Панжара. Рассказы
Галина Долгая
Рассказы этого сборника как откровения, пришедшие из древнего мира. Их голос звучит в находках археологов и в исторических манускриптах, в легендах и преданиях, передаваемых из уст в уста. Нужно только уметь слушать. Фантазия автора переплетается с историей, и ее страницы оживают на грани реальности и сна.
Панжара
Рассказы
Галина Долгая
© Галина Долгая, 2018
ISBN 978-5-4493-3721-4
Создано в интеллектуальной издательской системе Ridero
Панжара – это декоративная решетка на окнах для защиты от палящего солнца. Искусство создания панжары уходит в ту пору, когда на азиатской земле начали возводить мавзолеи и медресе. Панжара – это больше, чем решетка! Вырезанная из дерева или мрамора, сложенная из кирпичей, она сотворена так, что между сплетениями твердой основы образуются геометрически-точные пространства света и воздуха. Панжара создает особую атмосферу бытия, когда все суетное остается за ней – в том жарком солнечном мире, где живет реальность. Свет из окна, защищенного панжарой, льется мягко, растекается по всему внутреннему пространству, играя пылинками в воздухе и собирая на полу призрачную мозаику.

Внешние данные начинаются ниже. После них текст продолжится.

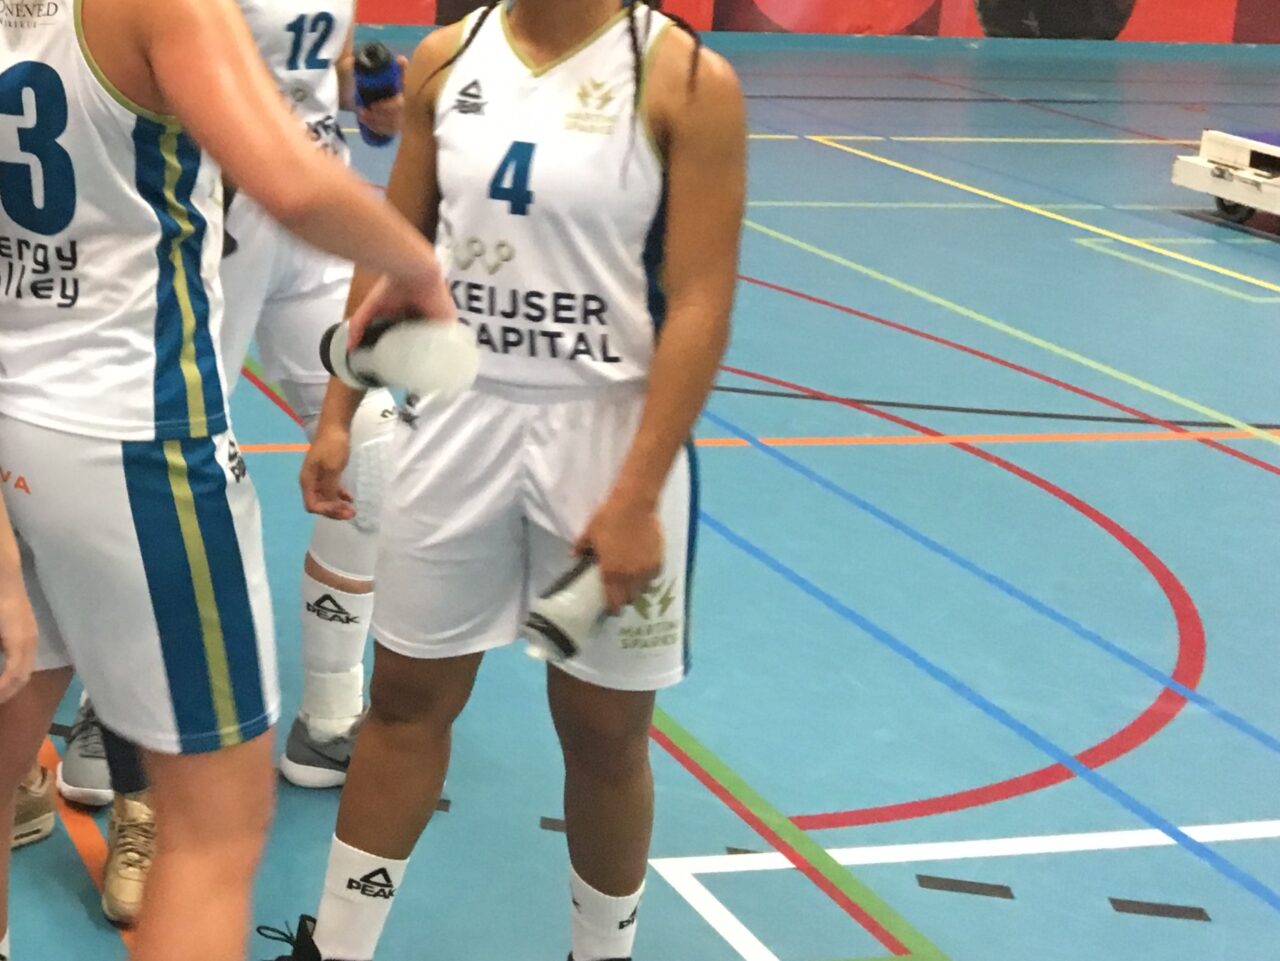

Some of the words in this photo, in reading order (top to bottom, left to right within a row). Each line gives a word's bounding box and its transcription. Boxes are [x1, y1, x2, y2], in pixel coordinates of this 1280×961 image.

[285, 11, 335, 71] 12
[489, 140, 537, 216] 4
[450, 280, 608, 326] KEIJSER
[457, 317, 622, 364] APITAL
[306, 601, 360, 624] PEAK
[346, 877, 397, 899] PEAK
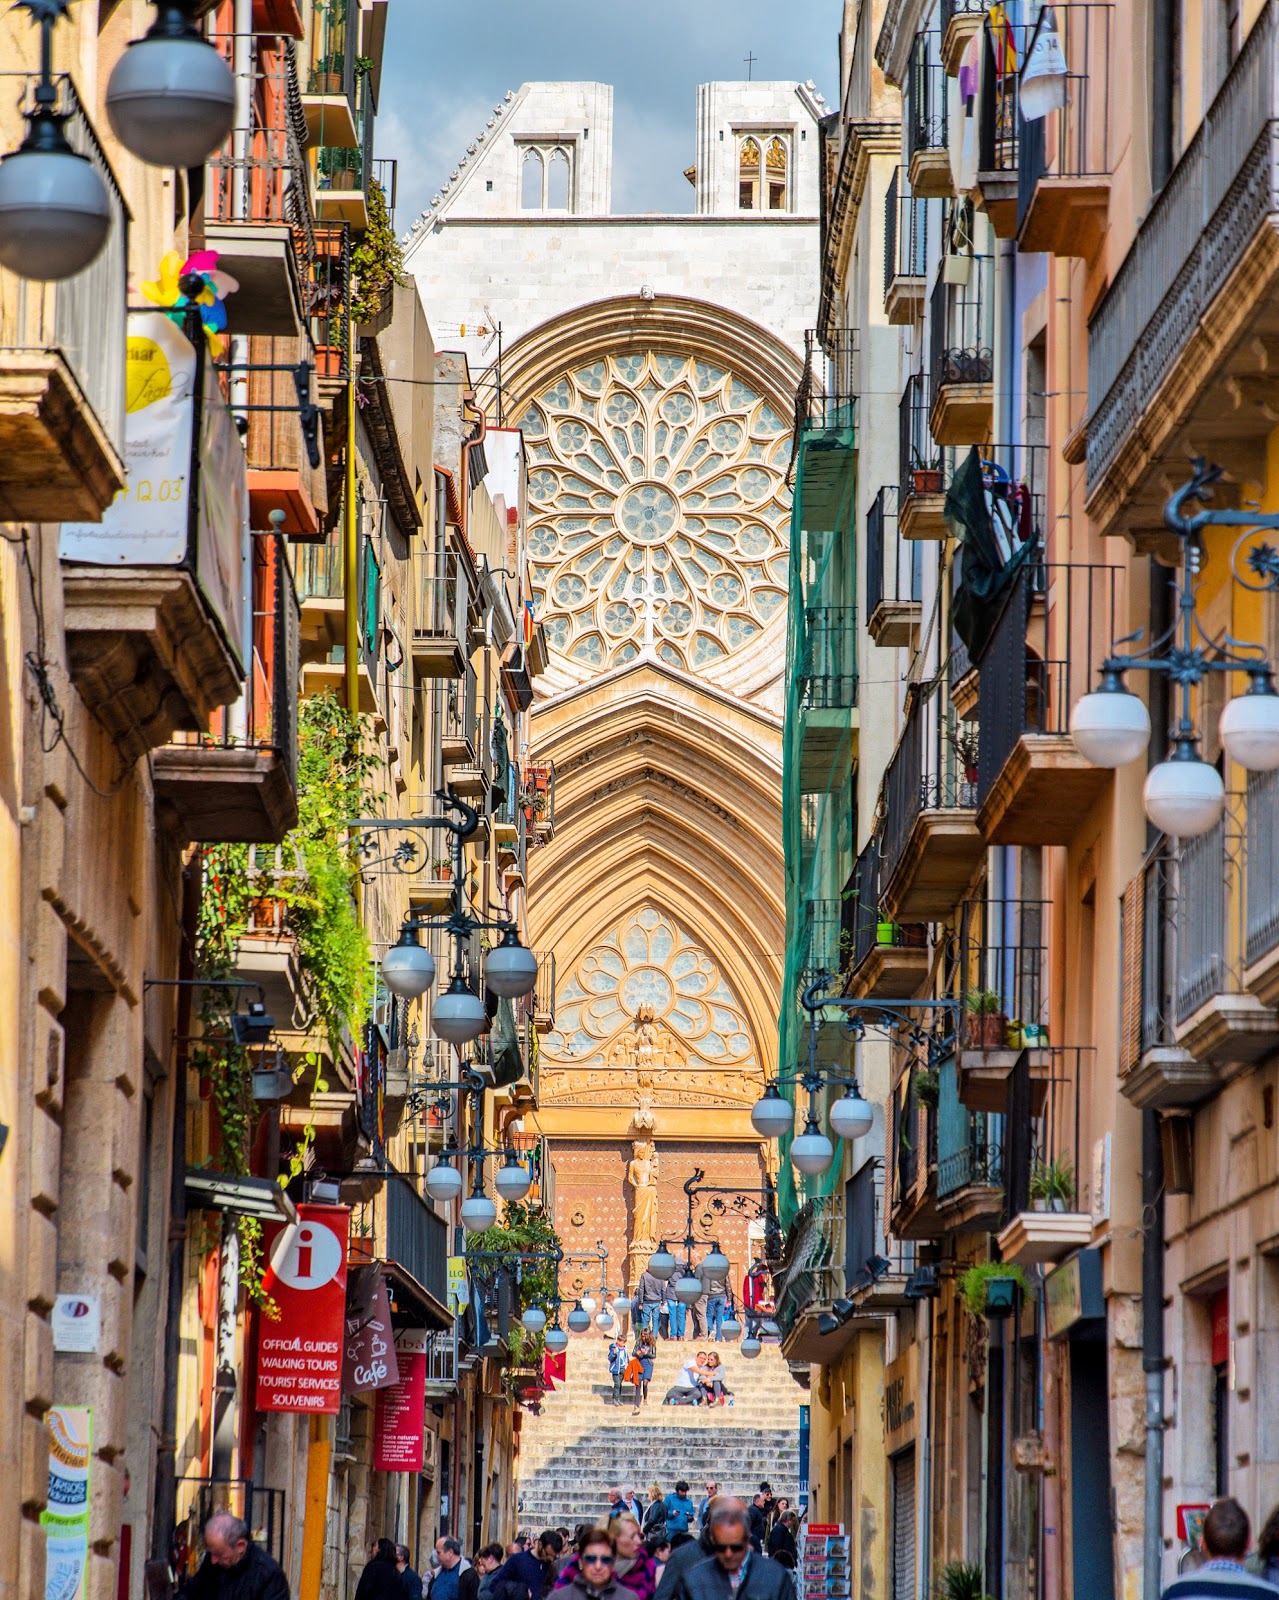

Рассказы этого сборника, как поток времени, разбитого панжарой на отдельные ручьи, как откровения, пришедшие из древнего мира, голос которого звучит в находках археологов и исторических манускриптах, в легендах и преданиях, передаваемых из уст в уста, от поколения к поколению…
Сокол над Еркурганом
1370 год
…Сокол беспокойно кружит над развалинами древнего города. Солнце медленно падает за горизонт, очертивший бескрайнюю степь багряной полосой заката. Еще миг – и наступит момент истины: момент согласия дня и ночи, света и тьмы!
Сокол пронзительно вскрикнул, прощаясь со светом, и камнем ринулся вниз – к Земляному холму, под которым спит древний город…
Нимидин проснулся. Сердце стучало в груди от страха. Сокол, покинувший свое место на посохе, снился каждую ночь. И каждый раз он просыпался, чувствуя, как ветер ударяет в уши при падении.
Сокол вновь привел его к Еркургану[1 - Еркурган – Земляной холм, название городища, расположенного близ города Карши] – к бывшей столице древнего Нахшаба[2 - Нахшаб – область Южного Согда, древнее название – Никшапайя], в которой прошло его детство, в которую он возвращался в разные времена и вновь покидал его. Уходя, он десятилетиями бродил по миру, нигде не задерживаясь дольше, чем на одну человеческую жизнь, пытаясь забыть то, что связывало его с Городом Образа Светлых вод.
Он уже не заводил семью – тяжелы утраты! Их груз куда тяжелее амулета, дарующего вечность! Жены, дети, внуки старели и оставляли этот мир, как и положено простым людям. Но Нимидин был не простым. Он был и есть хранитель амулета – лягушки, взбивающей эликсир бессмертия. Приняв ее однажды из рук приемной матери не по своей, но по ее воле, он не расставался с ней всю жизнь – очень долгую жизнь, очень сложную жизнь.
Лягушка – дар Великого бога кочевников Тенгри – в детстве вернула ему здоровье и жизнь, но взамен забрала счастье любви и дружбы, повергнув в омут одиночества и безысходной тоски.
Как не мог Нимидин избавиться от амулета бессмертия, так не мог и откопать заветный камень, который десять веков тому назад сам замуровал в стене дворца. Не простой камень! Его приемная мать была служанкой принцессы, от нее он услышал историю камня, связанную с царями Никшапайи. И надо же было так случиться, что спустя полвека Нимидин оказался случайным свидетелем сражения потомка царя Хуфарна со злоумышленником, во время которого камень вылетел из перстня царя и упал к его ногам – к ногам простого каменщика, обновляющего стену в преддверии алтарной комнаты дворца! Все решил миг как момент истины между днем и ночью, между светом и тьмой! В необъяснимом порыве каменщик поднял камень и замуровал его в кладке. Тогда он подумал, что потом, позже, когда минует одно-два поколения, и его уже никто не сможет узнать, он вернется во дворец и достанет тот камень. Но прошло гораздо больше времени и не одно-два поколения сменили друг друга в череде жизней, а несколько десятков!
Сколько раз пытался Нимидин проникнуть во дворец, но всякий раз, как он подходил к городу – то еще доживающему свой век, то разрушенному и покинутому горожанами, то уже заплывшему глиной и песком, – каждый раз что-то или кто-то мешал ему, и камень оставался на своем месте, известном только ему – каменщику Нимидину!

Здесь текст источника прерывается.